J’ai grandi dans un monde qui n’avait pas d’écran
Où, pour téléphoner, on allait à la poste.
Les livres n’avaient alors aucun vrai concurrent
Même pas la radio qui sortait d’un vieux poste
Et que l’on écoutait à l’heure du souper.
Mais que peut-on donc faire quand il n’y a pas d’image,
De portable, d’Internet pour pouvoir s’occuper ?
Eh bien oui nous lisions, dès notre plus jeune âge !
On commençait par les Pieds Nickelés ou Bibi Fricotin
Les filles par Bécassine, une fausse niaise très maligne
Puis vinrent les journaux de Spirou ou Tintin
Qui étaient tous les deux d’excellents magazines.
Précurseur de Lucky Luke, Red Rider, le rouquin,
Incarna le cow-boy de l’Ouest américain.
Il nous arriva après la Libération
Et comme les G I’s capta notre attention.
Derrière lui débarqua le magicien Mandrake
Avec sa fine moustache et son haut-de-forme,
Puis Popeye le marin qui, pour se mettre forme,
Mangeait des épinards et passait à l’attaque.
Ces BD exotiques venues du nouveau monde
Etaient très vite lues et bien trop lacunaires.
Nos cerveaux avaient soif d’histoires plus profondes
Qui ne peuvent tenir dans quelques phylactères.
L’école nous initiait aux œuvres souveraines,
Aux grands romans classiques, aux pièces de Molière
On apprenait par cœur les fables de La Fontaine,
Les poèmes d’Hugo ou ceux de Verhaeren.
Et le maître, à l’écoute de notre diction,
En nous reprenant tous pour que nous respections
Diphtongues ou labiales nous a certes incités
A bien dire un beau texte, pas à le réciter.
Les livres abondaient en classe, à la maison
C’étaient des collections au format des cahiers
Qui étaient éditées sur du mauvais papier
Mais qui coûtant peu cher se vendaient à foison.
Ainsi pouvions-nous lire les auteurs les plus grands.
Ils peuplaient de héros nos turbulentes têtes
Nous détestions Javert, admirions Jean Valjean
Et chez les Thénardier, pleurions avec Cosette.
D’Edmond Dantès nous avons partagé le sort
Et de l’abbé Faria on se souvient encore.
On le voit dans une geôle au moment de sa mort
Révéler au héros l’emplacement du trésor.
Nous avons incarné dans notre petite enfance
D’Artagnan ou Porthos selon la corpulence.
Dans nos jeunes cerveaux curieux et très avides
Alexandre Dumas a comblé de grands vides
Le Horla nous fit peur et soit dit en passant
Il me fait peur encore ce texte de Maupassant.
N’oublions pas Flaubert qui résiste malgré l’âge
Avec son « Mégara un faubourg de Carthage »

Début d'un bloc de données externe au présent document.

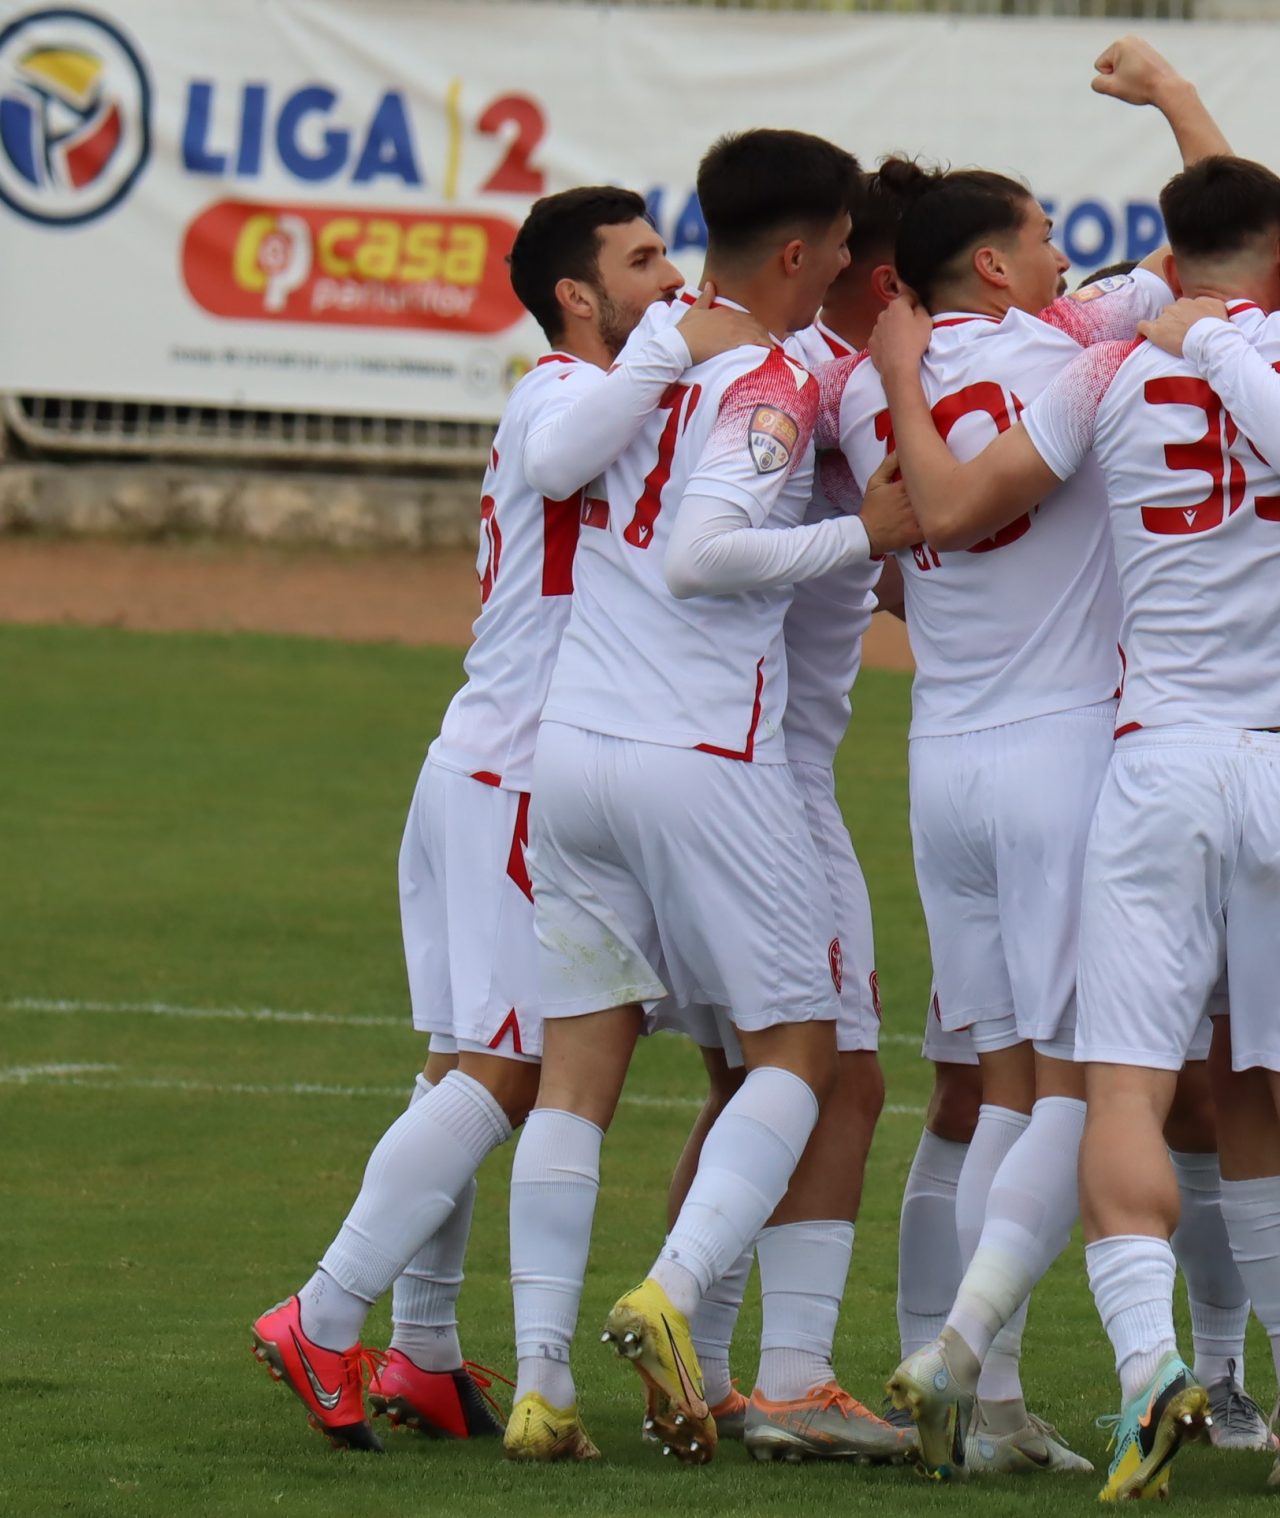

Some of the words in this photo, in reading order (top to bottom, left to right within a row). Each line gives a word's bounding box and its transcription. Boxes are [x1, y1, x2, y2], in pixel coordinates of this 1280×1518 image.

[181, 81, 422, 186] LIGA
[476, 92, 546, 193] 2
[318, 217, 489, 285] casa

Balzac et Stendhal ont envahi nos cerveaux
Rastignac et Sorel s’y sentent encore très bien
Mais le privilégié est Fabrice Deldongo
Qui fait de l’ombre à Lantier le mécanicien.
Eh oui, Zola est là présent mais très discret
Qui nous rappelle « La faute de l’abbé Mouret »
Qu’on dévorait caché comme un fruit défendu
Et qu’aujourd’hui, hélas, on ne lit même plus.
Il est vrai que de nos jours les écrans sont rois
Même les téléphones en ont un, c’est peu dire !
Grâce à eux on peut tout faire, parler, lire, écrire
Mais ils sont aussi une infrangible paroi
Pour les quêtes profondes, les grandes rêveries.
On a tout sur l’instant, il suffit de cliquer.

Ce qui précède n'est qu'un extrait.